A piece of copper weighing 400g is heated to 100 degree celcius and quickly transferred to a copper calorimeter of mass 10g containing 100g of liquid of unknown specific heat capacity at 30 degree celcius.if the final temperature of the mixture is 50 degree celcius,calculate the specific heat capacity of the liquid.(specific heat capacity of copper is 390J/KG/K)
To solve this problem, we can use the principle of conservation of energy.

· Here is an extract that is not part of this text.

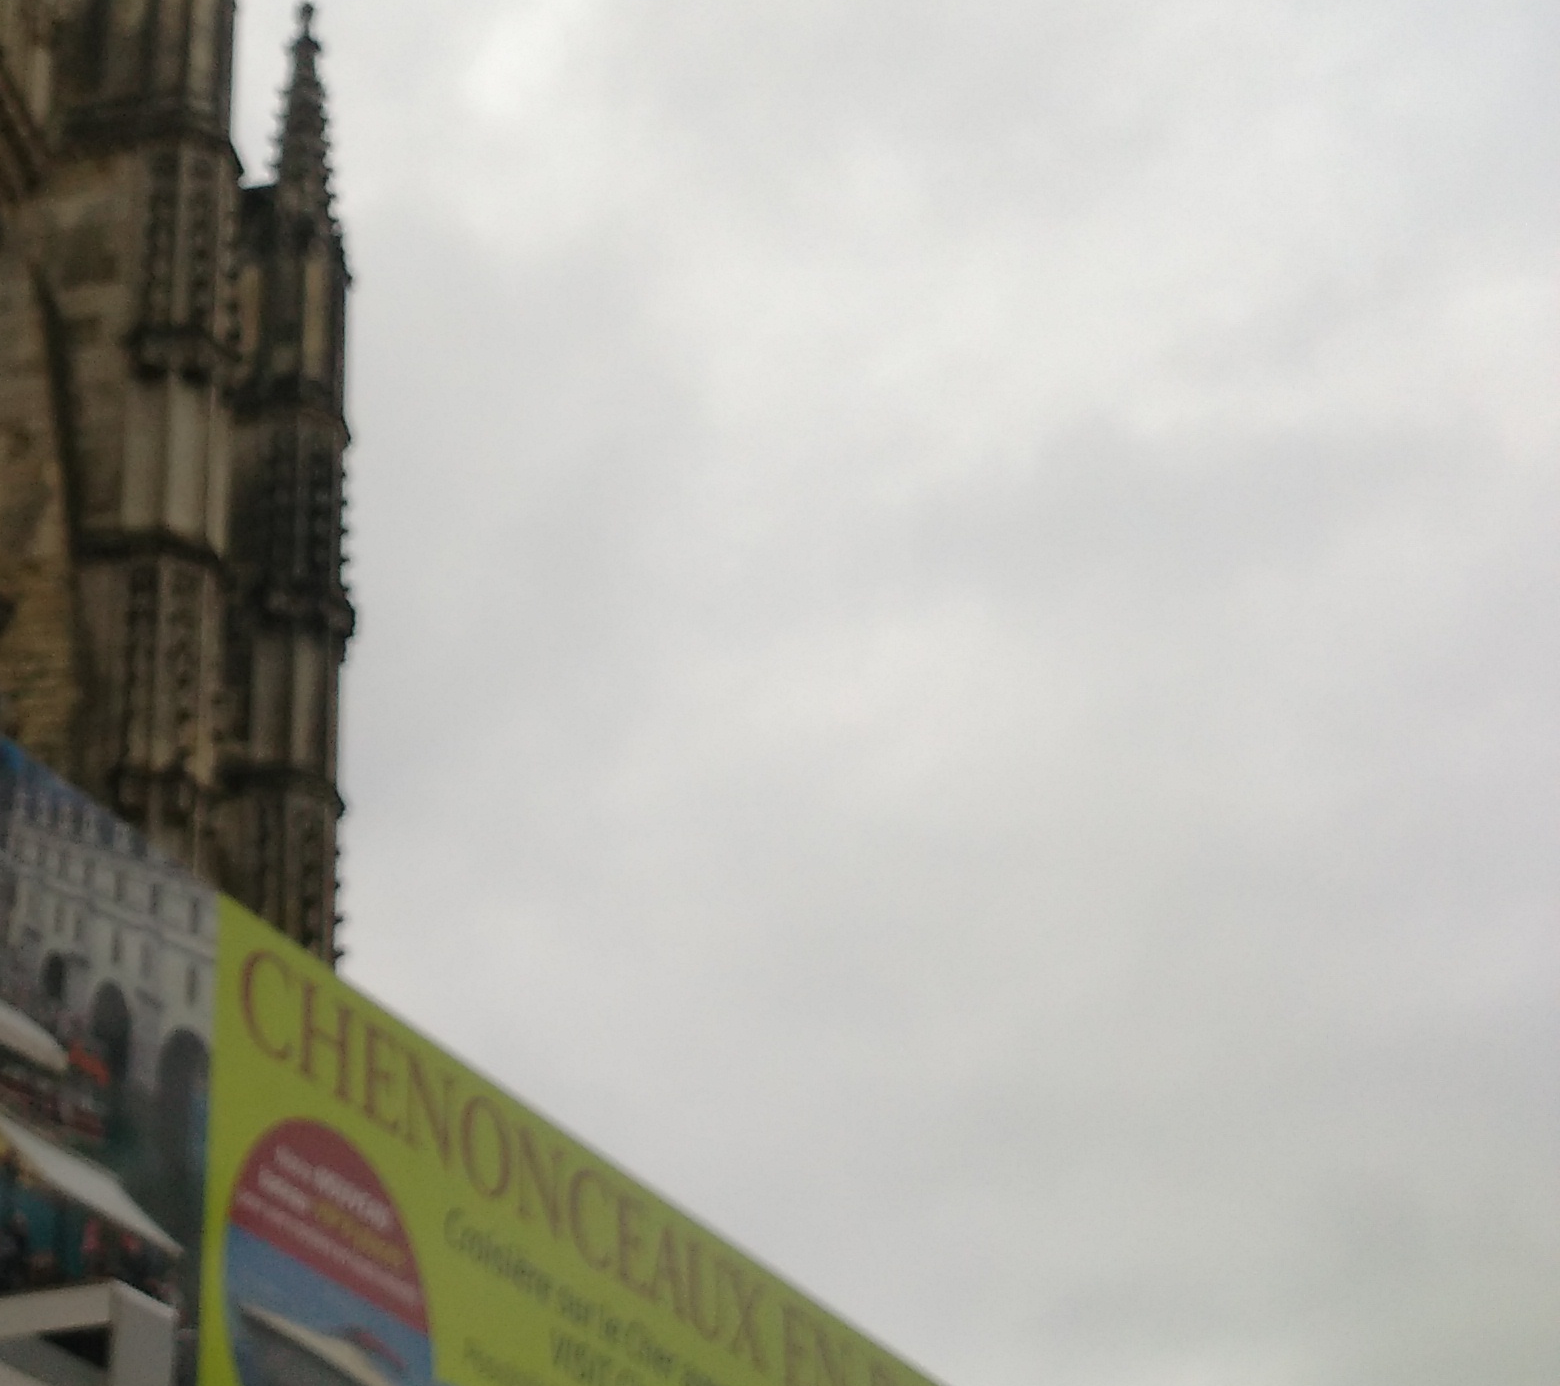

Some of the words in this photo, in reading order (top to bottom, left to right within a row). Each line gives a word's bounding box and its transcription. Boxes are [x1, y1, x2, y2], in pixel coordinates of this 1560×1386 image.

The heat gained by the liquid can be calculated using the equation:
Heat gained by liquid = Heat lost by copper
The heat gained or lost in a substance can be calculated using the formula:
Q = mcΔT
Where:
Q is the heat gained or lost
m is the mass
c is the specific heat capacity
ΔT is the change in temperature
Now let's calculate the heat lost by the copper:
Q(copper) = mc(copper)ΔT
Given:
Mass of the copper = 400g = 0.4kg
Specific heat capacity of copper = 390J/kg/K
Initial temperature of the copper = 100°C
Final temperature of the mixture = 50°C
ΔT(copper) = Final temperature of the mixture - Initial temperature of the copper
= 50°C - 100°C
= -50°C
Since the copper lost heat, we take the absolute value of ΔT.
ΔT(copper) = |-50°C| = 50°C
Now let's calculate the heat gained by the liquid:
Q(liquid) = mc(liquid)ΔT
Given:
Mass of the liquid = 100g = 0.1kg
Specific heat capacity of the liquid = ?
ΔT(liquid) = Final temperature of the mixture - Initial temperature of the liquid
= 50°C - 30°C
= 20°C
Now, we can equate the heat gained by the liquid to the heat lost by the copper:
Q(liquid) = Q(copper)
mc(liquid)ΔT(liquid) = mc(copper)ΔT(copper)
0.1kg * c(liquid) * 20°C = 0.4kg * 390J/kg/K * 50°C
Now, we can solve for the specific heat capacity of the liquid (c(liquid)):
c(liquid) = (0.4kg * 390J/kg/K * 50°C) / (0.1kg * 20°C)
c(liquid) ≈ 780 J/kg/K
Therefore, the specific heat capacity of the liquid is approximately 780 J/kg/K.